Due to the amount of information on the various aspects of feeding a child with Hydranencephaly, this section is divided into 3 parts:
1. Feeding, Positioning, Difficulties
2. Tube Feeding
3. Gastroesophageal Reflux and it's treatment

Part 1: Feeding, Positioning

Children with Hydranencephaly generally have difficulties swallowing, and sucking. Even if they can swallow and suck it's usually very hard for them, requiring lots of energy. They often also have trouble protecting their airways and have poor gag and cough reflexes. Some children do just fine eating orally. Others though have trouble right from the start. Others eat fine to start with but as they get older aren't gaining weight or are having frequent illnesses. All infections are dangerous for our kids but Aspiration pneumonia, which is caused by food, liquids, or saliva going into and irritating the lungs, is something that you want to avoid if at all possible. In addition to having trouble swallowing, many children with severe neurological problems have problems with something called gastroesophageal reflux. Reflux is something we all do from time to time. However often reflux is severe enough to cause vomiting and gagging. This of course increases the risk of aspiration. For these reasons Drs. & medical professionals often recommend tube feeding. This is where a liquid formula is given to your child via a tube that is inserted through the nose into the stomach (nasal gastric tube) or via a tube surgically inserted directly into the stomach (gastrostomy tube). In my opinion tube feeding has been one of the most important factors in extending and improving the quality of life for children with severe disabilities. In addition to recommending a gastrostomy the Dr may also suggest a surgery called a Nissen Fundoplication. This decreases the risk of reflux.

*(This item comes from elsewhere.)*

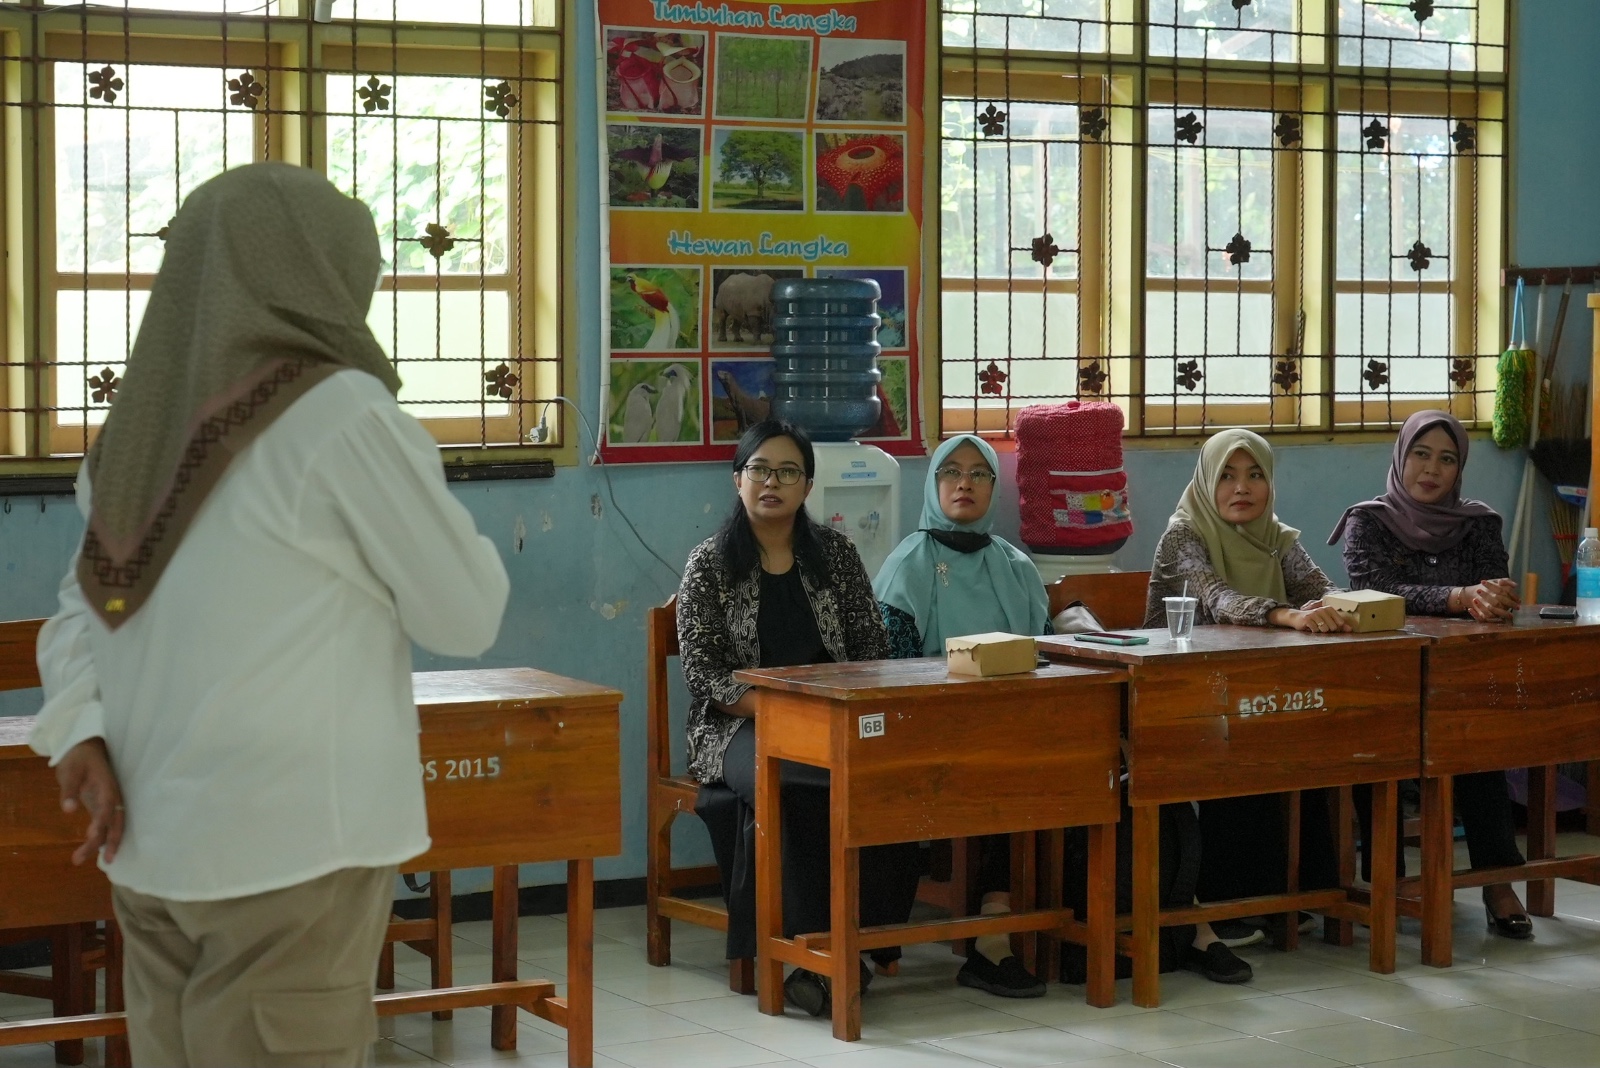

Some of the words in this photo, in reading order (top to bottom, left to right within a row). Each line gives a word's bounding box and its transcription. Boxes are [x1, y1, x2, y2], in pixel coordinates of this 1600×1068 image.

Before tube feeding is recommended your child will go through a number of tests and assessments. It's never (or should be never) done in a hurry. One thing to remember is that once the tube is removed the hole closes quickly. Therefore once a child has a tube it doesn't mean that he/she will always need a tube. In Krista's case tube feeding helped her to grow strong enough to have the energy to control her swallowing so that she could eat safely.

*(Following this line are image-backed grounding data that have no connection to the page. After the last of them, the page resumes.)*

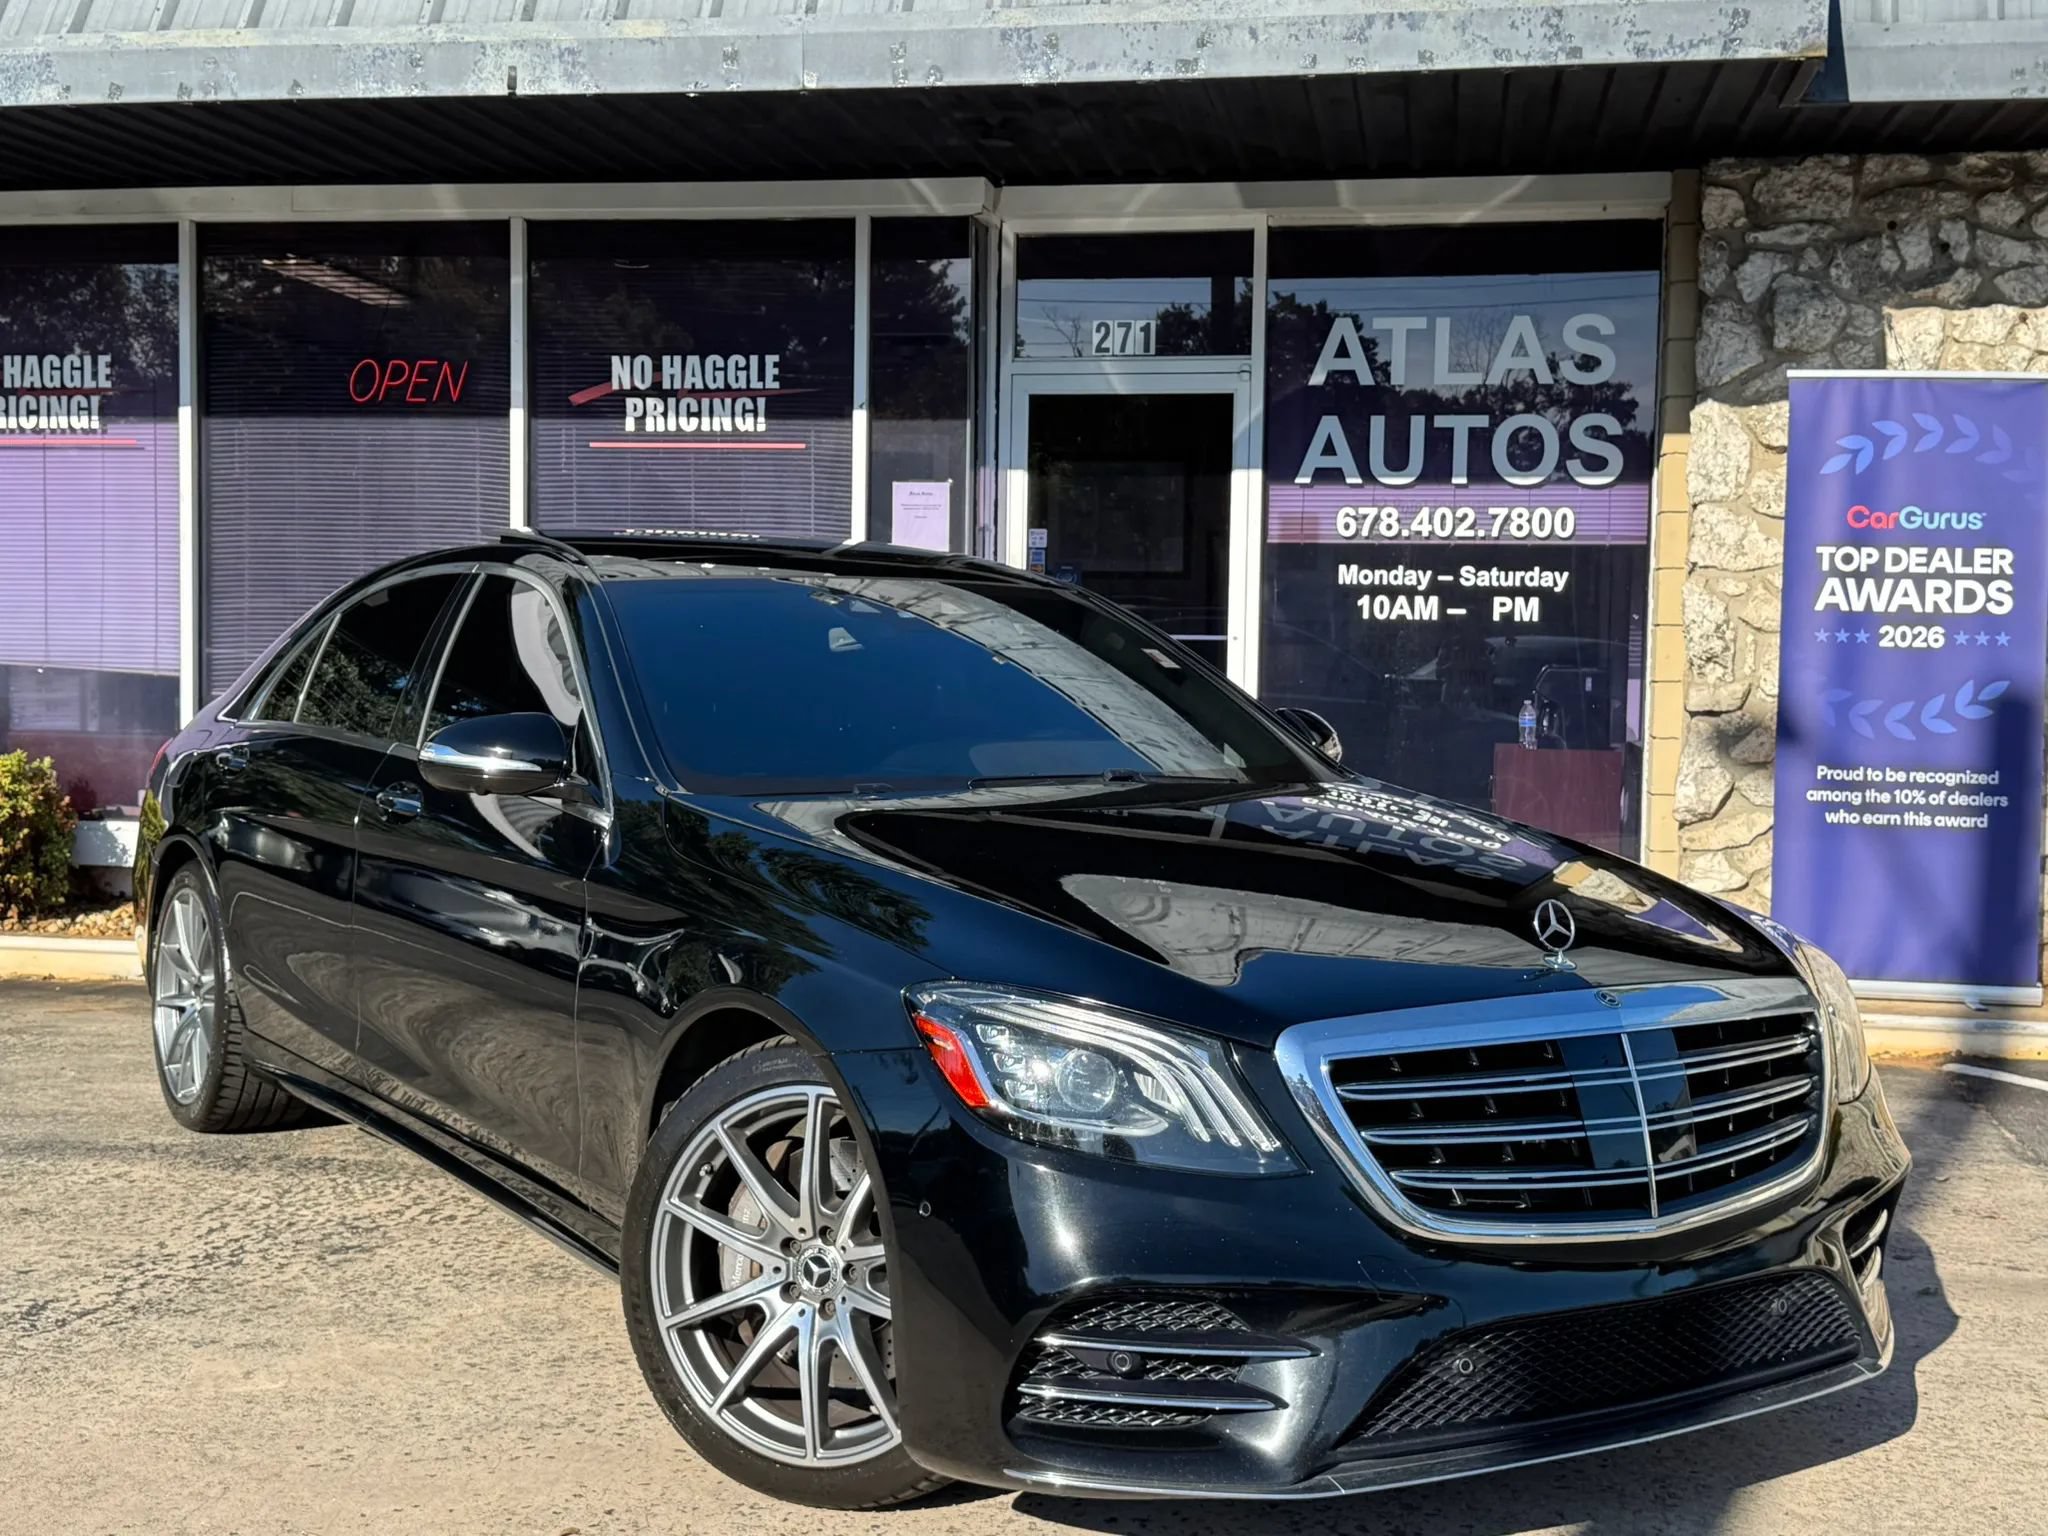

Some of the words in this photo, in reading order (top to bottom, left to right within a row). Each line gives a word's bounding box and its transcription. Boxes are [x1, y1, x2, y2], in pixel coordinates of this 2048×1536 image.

[1094, 322, 1152, 354] 271
[1307, 313, 1617, 386] ATLAS
[3, 354, 112, 388] HAGGLE
[349, 359, 468, 402] OPEN
[611, 354, 654, 390] NO
[663, 354, 780, 390] HAGGLE
[625, 397, 767, 432] PRICING!
[1294, 413, 1625, 486] AUTOS
[1336, 506, 1576, 539] 678.402.7800
[1815, 545, 1880, 572] TOP
[1884, 547, 2014, 575] DEALER
[1338, 564, 1432, 590] Monday
[1459, 566, 1569, 591] Saturday
[1357, 595, 1439, 621] 10AM
[1492, 597, 1540, 622] PM
[1814, 577, 2014, 616] AWARDS
[1878, 624, 1946, 649] 2026
[1817, 765, 1863, 782] Proud
[1867, 767, 1883, 782] to
[1886, 767, 1907, 783] be
[1909, 768, 1999, 786] recognized
[1806, 789, 1862, 807] among
[1865, 788, 1891, 804] the
[1894, 789, 1926, 806] 10%
[1929, 789, 1947, 807] of
[1948, 790, 2008, 808] dealers
[1825, 809, 1860, 825] who
[1862, 813, 1901, 826] earn
[1903, 811, 1932, 827] this
[1934, 811, 1988, 829] award

The following are links to articles about feeding a child with special needs. They are included in the book "Caring for Your Child With Hydranencephaly"

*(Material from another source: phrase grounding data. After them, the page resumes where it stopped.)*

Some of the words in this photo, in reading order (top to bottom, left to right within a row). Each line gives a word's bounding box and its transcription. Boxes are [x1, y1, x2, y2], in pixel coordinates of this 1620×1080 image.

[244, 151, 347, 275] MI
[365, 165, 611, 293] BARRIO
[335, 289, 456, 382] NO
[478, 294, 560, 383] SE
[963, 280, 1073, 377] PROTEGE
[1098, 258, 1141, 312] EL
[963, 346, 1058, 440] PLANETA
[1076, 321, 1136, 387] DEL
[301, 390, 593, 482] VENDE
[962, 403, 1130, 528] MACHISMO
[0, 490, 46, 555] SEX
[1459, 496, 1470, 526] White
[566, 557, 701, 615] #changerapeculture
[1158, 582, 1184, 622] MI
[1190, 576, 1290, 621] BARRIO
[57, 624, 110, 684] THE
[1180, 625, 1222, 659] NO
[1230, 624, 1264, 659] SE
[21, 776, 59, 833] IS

Mealtimes (this link currently isn't working but the page is still there: go to, click on site map, then go to near the bottom of the page under disability and click on eating and drinking.

This is an introduction to feeding a child with a disability. Note: itís written for a center in Australia so some of it will not apply to your child, and some of the spelling and terms used are area specific.

I am including links to the following articles as I think they have excellent information regarding the whys and wherefores of general feeding difficulties as well as tube feeding.  They are from the New Visions web site, which has very comprehensive information on anything you might need to know about feeding and swallowing difficulties.  ( ) The articles are by Suzanne Morris. The first article pertains to babies and young children who eat orally and how to tell when they are ready to move onto more solid food.  Many of our children with hydranencephaly do eat orally through much or all of their lives.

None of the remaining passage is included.